First and foremost, it’s ‘business as usual’ at ECT Recycling - the current strong management team will remain in place, led by Stephen Sears, and the focus will remain on delivering service quality for its customers and its customers’ customers – members of the public.

For some time, ECT Recycling had been exploring ways to secure its future and to build upon its successful business formula in delivering municipal waste services to local authorities.

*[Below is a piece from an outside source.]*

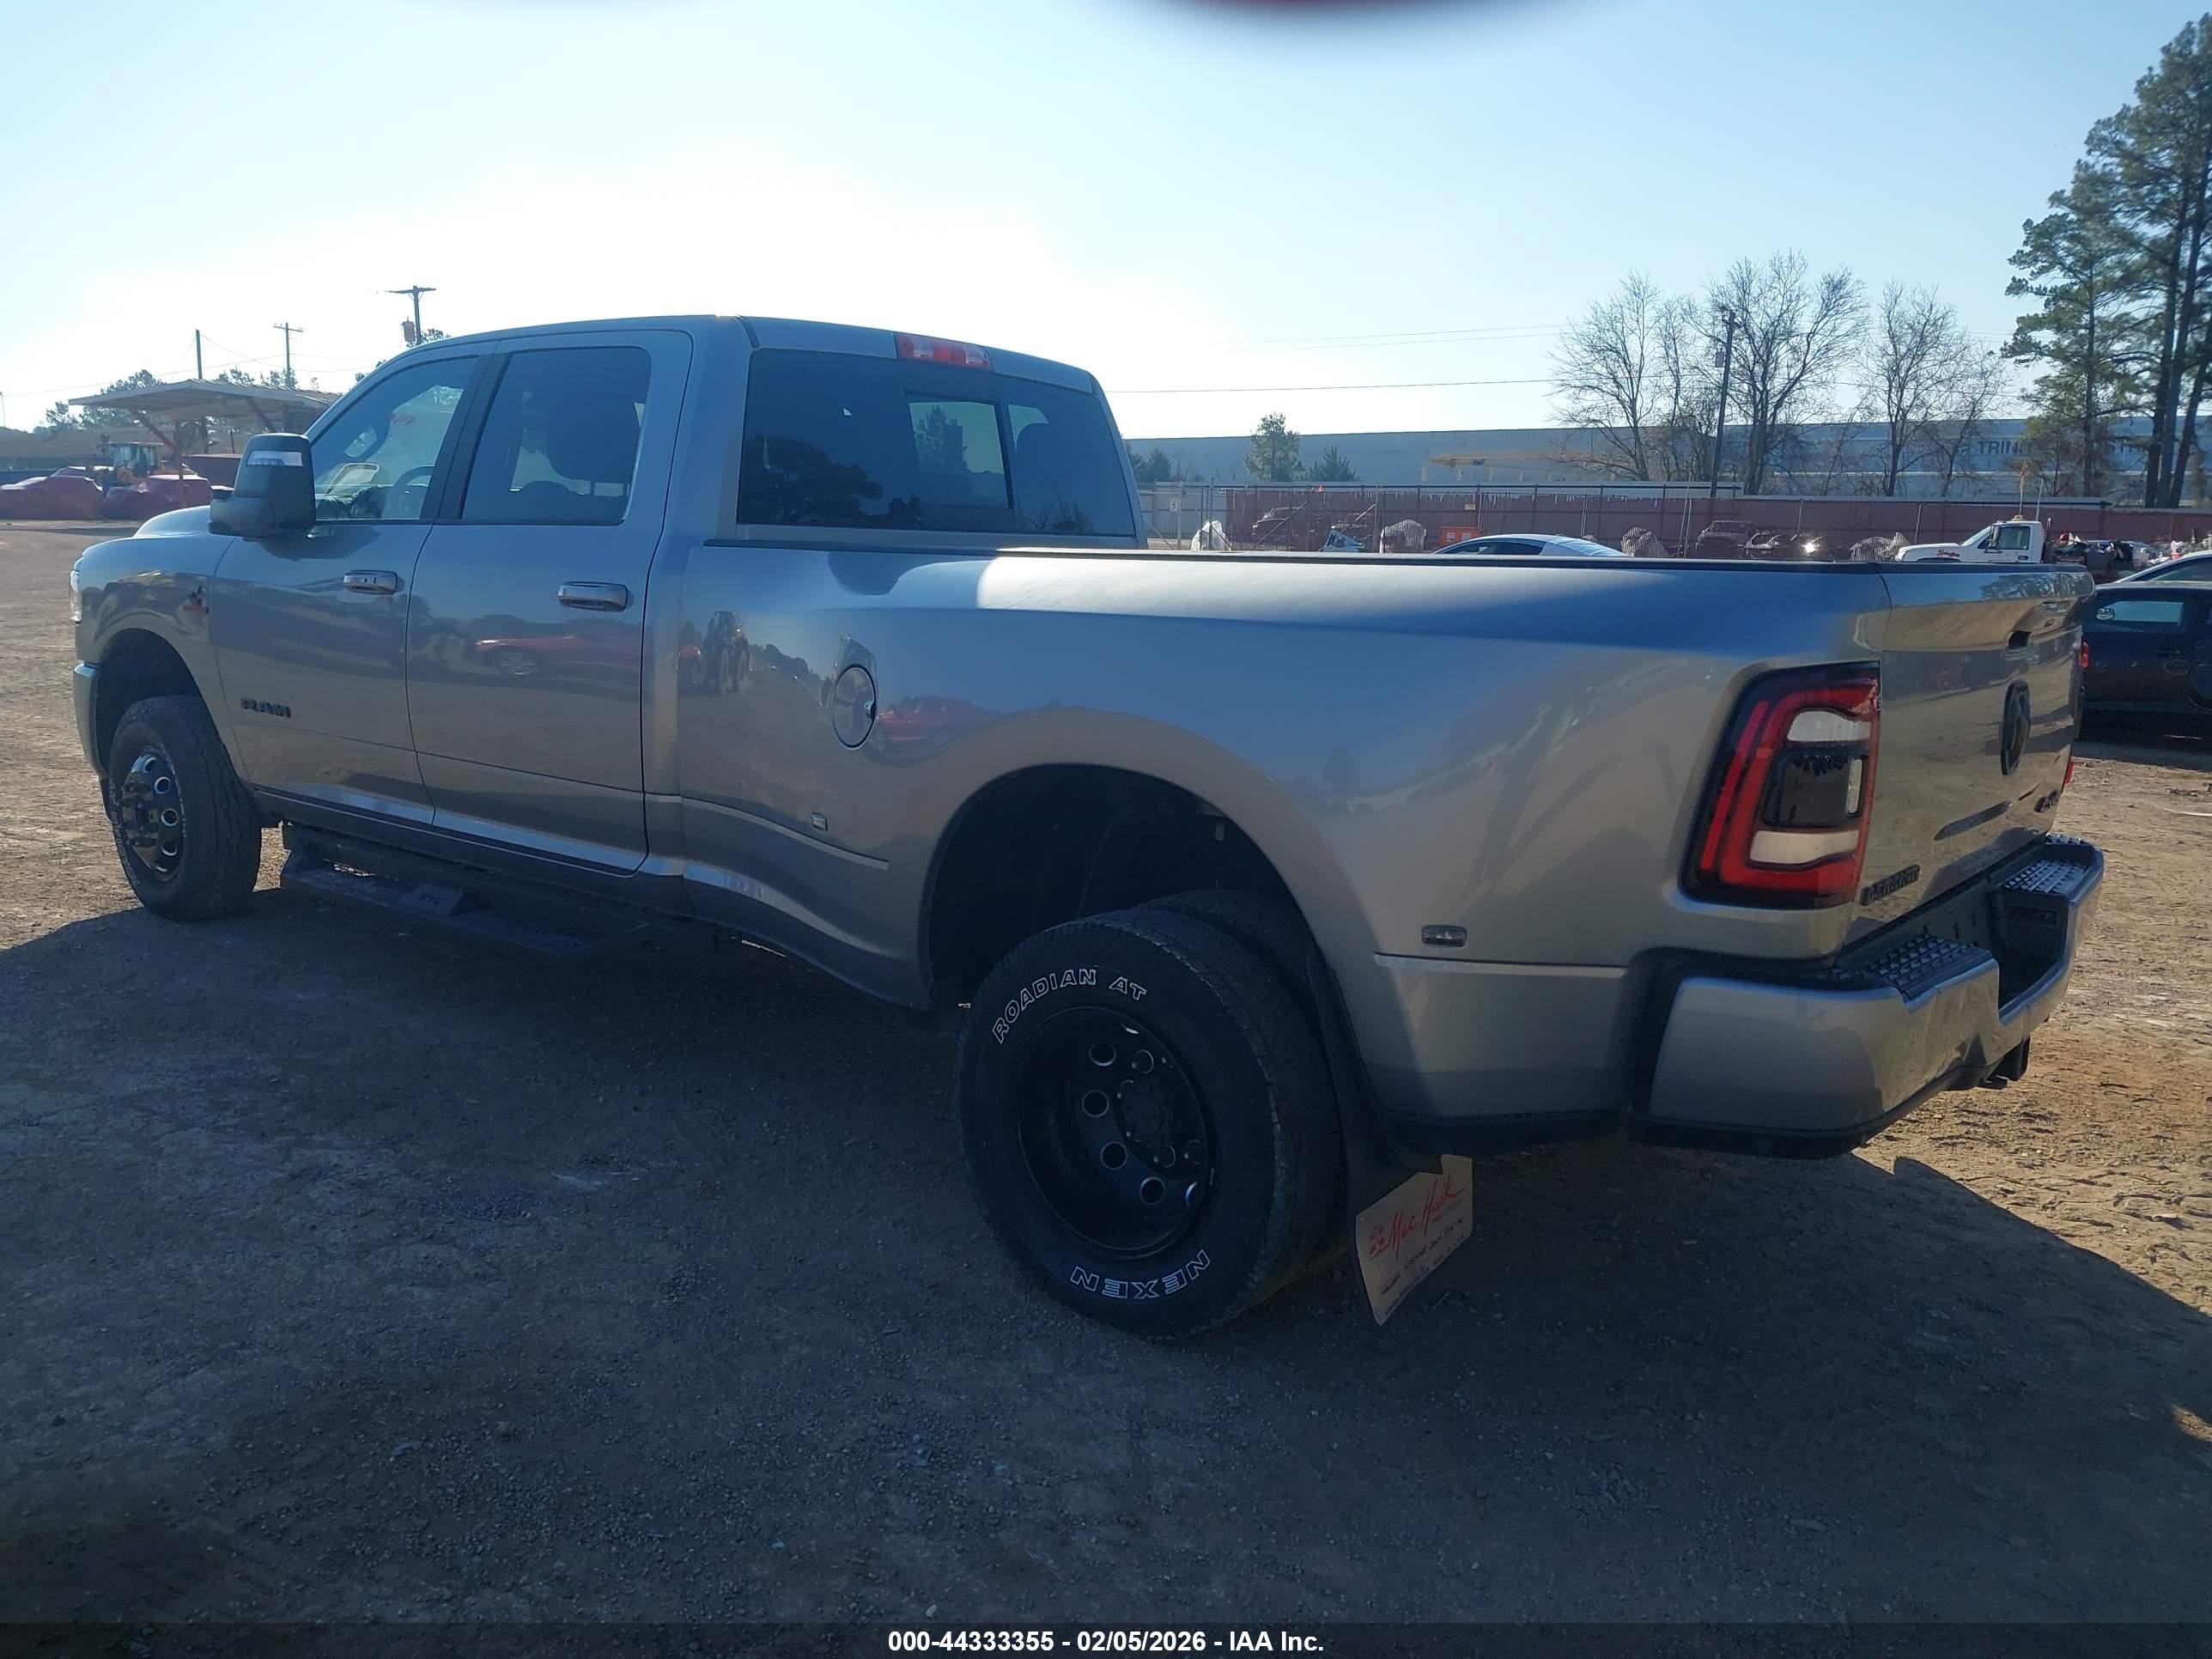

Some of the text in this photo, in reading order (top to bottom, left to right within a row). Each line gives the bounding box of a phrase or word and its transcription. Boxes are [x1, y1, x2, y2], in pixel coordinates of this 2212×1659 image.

[992, 968, 1147, 1044] ROADIAN AT
[1069, 1249, 1211, 1300] NEXEN

Stephen Sears, who has led the development of ECT since 1980 said: “ECT has been looking for a partner for our recycling and waste management business with a good reputation in the local authority market place and with the commercial muscle to help us to secure bigger contracts. This will allow us to deliver our social and environmental objectives as well as the financial results that are essential to continued success."
 

Which leaves the ECT Group back to its original core business: the CT of community transport, having sold its various other businesses (railways, health care etc.). A few questions fall out of this, of course. Not least that ECT Recycling was a CIC, so is this the first CIC to be taken over? (and how does that work re. asset lock etc.?) Is this a strategic move separating out the two businesses, or in response to more fundamental problems? And if ECT generally needed to find a bigger partner (with "more commercial muscle") to secure bigger contracts, what does that mean for procurement/commissioning for all the other third sector / social enterprises out there? (many of whom are significantly smaller).

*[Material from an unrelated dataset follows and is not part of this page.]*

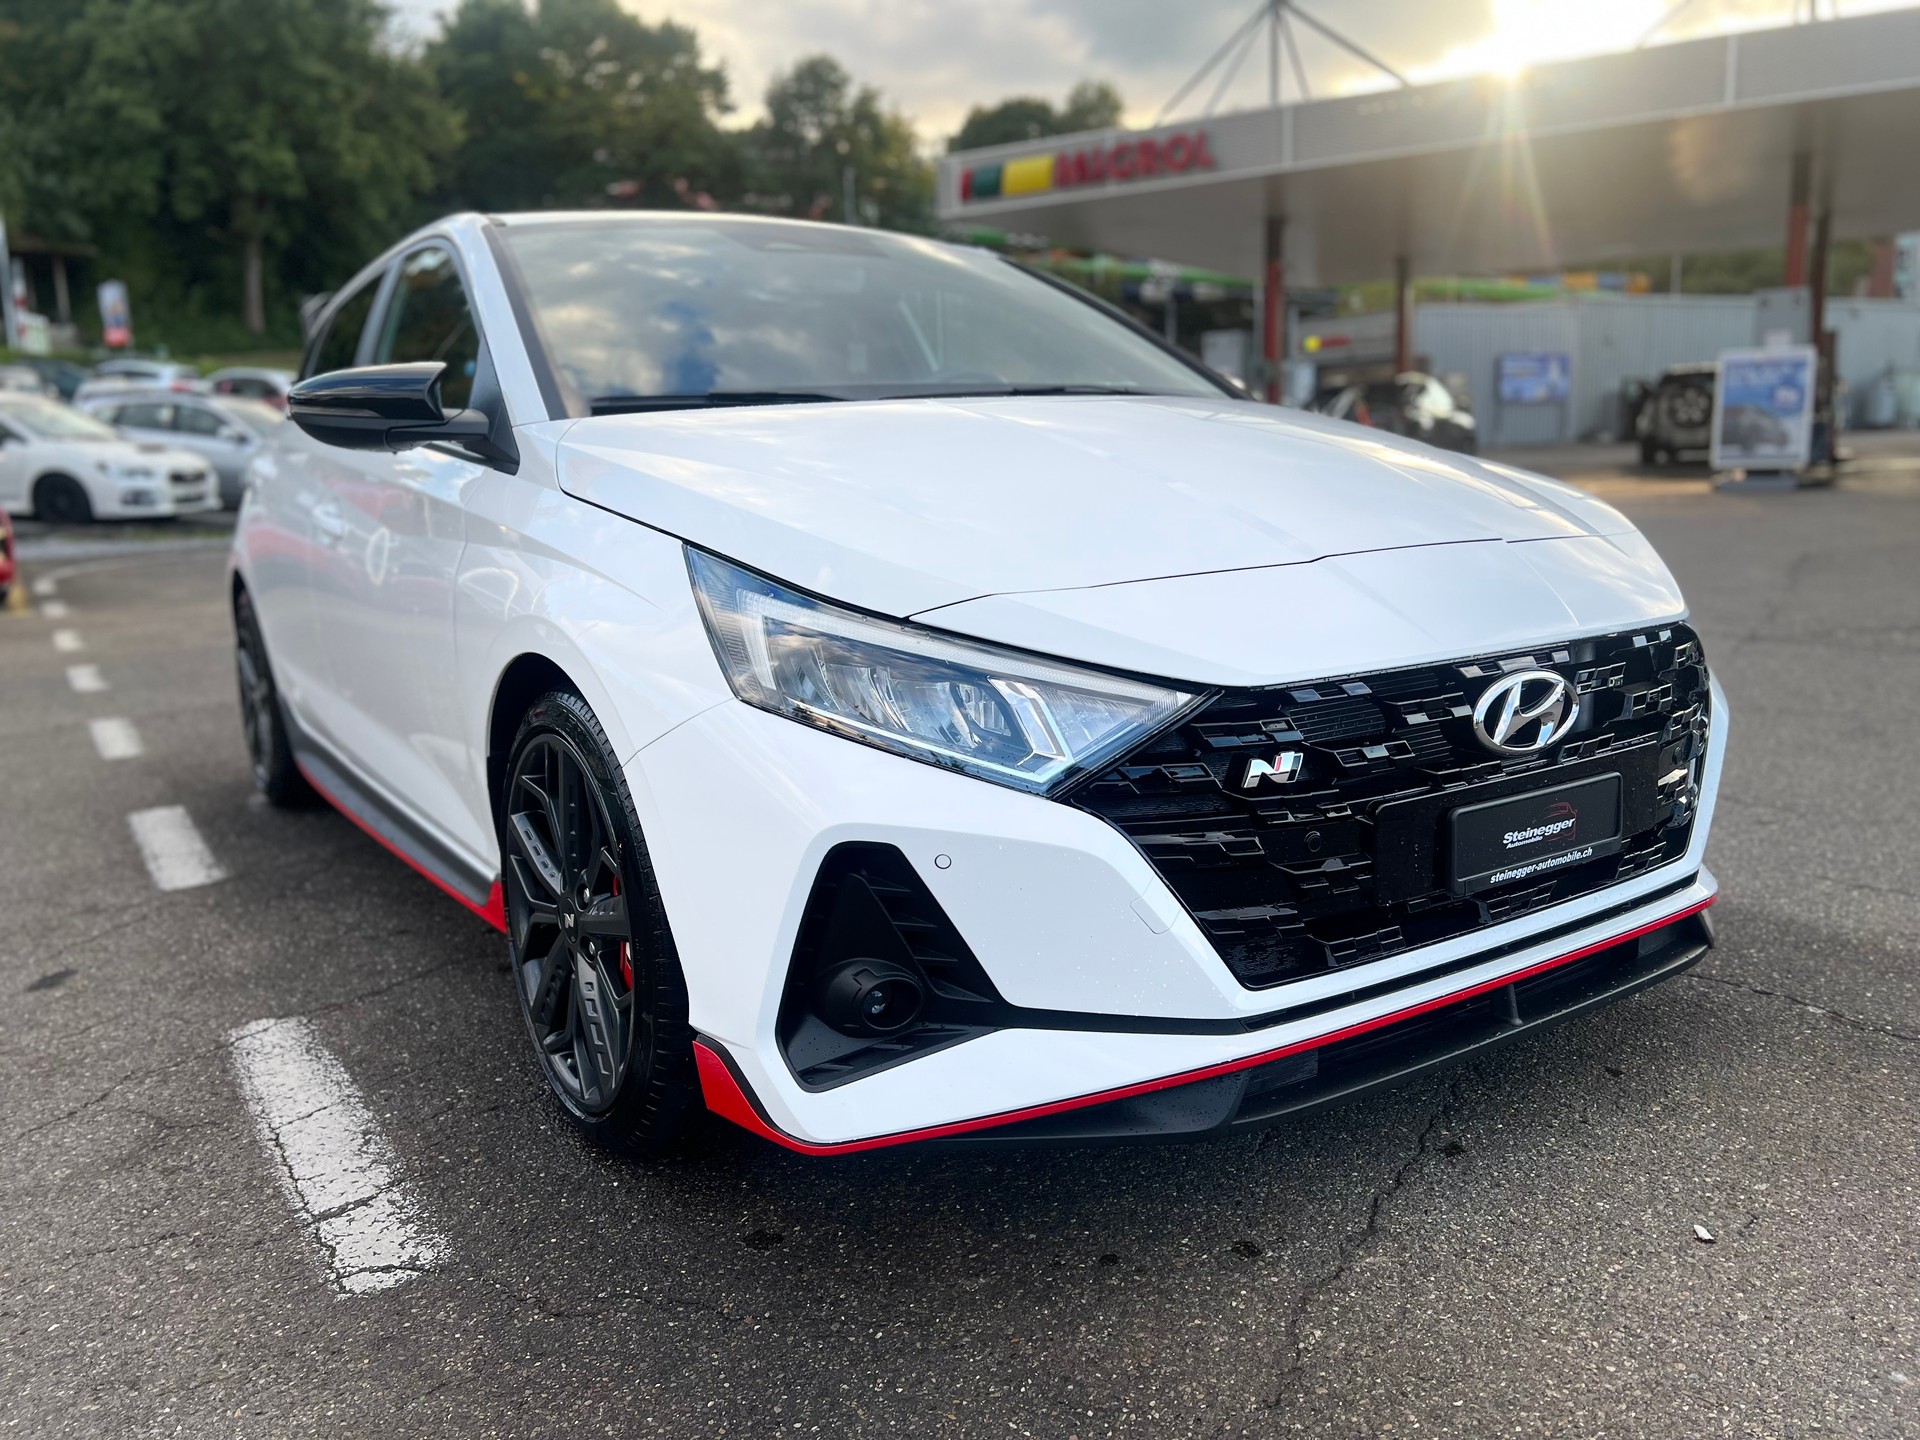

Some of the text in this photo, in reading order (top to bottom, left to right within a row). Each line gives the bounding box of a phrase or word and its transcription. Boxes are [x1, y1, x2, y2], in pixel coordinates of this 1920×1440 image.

[1055, 130, 1215, 188] MIGROL
[1503, 818, 1576, 844] Steinegger
[1506, 836, 1543, 849] Automobile
[1490, 847, 1593, 883] steinegger-automobile.ch

New Start magazine rang me this morning to comment, and I kept it largely generic (because I don't know enough about ECT's business / governance etc; see q's above) but did say that we shouldn't overreact as a sector or movement. More of this will happen over the coming years, hopefully in both directions, as mainstream business is influenced as well as threatened by ethical and mission-led competitors.

Research engine

Increasingly in my role here at SSE I am tracking bits of research and policy that are flowing from different outfits and areas (and countries). And, while I haven't had much time to pore over them of late, here are a couple that I thought were of particular interest:

- The Social Intrapreneur: A Field Guide for Corporate Changemakers (pdf at end of article); It's from Sustainability, whose stuff is usually leaning towards the corporate / US / big business version of social entrepreneurship, and I guess this report is a logical extension of this. Their stuff is always very good and thought-provoking though, so this makes it worth a read. We've often played round with the idea of social intrapreneurship here, although as much in a 'large non-profit' as a multinational....but, either way, entrepreneurial individuals within organisations setting up new initiatives and projects for social benefit. Different challenges to starting from scratch, different benefits....but also much that is shared. An area to revisit, I think.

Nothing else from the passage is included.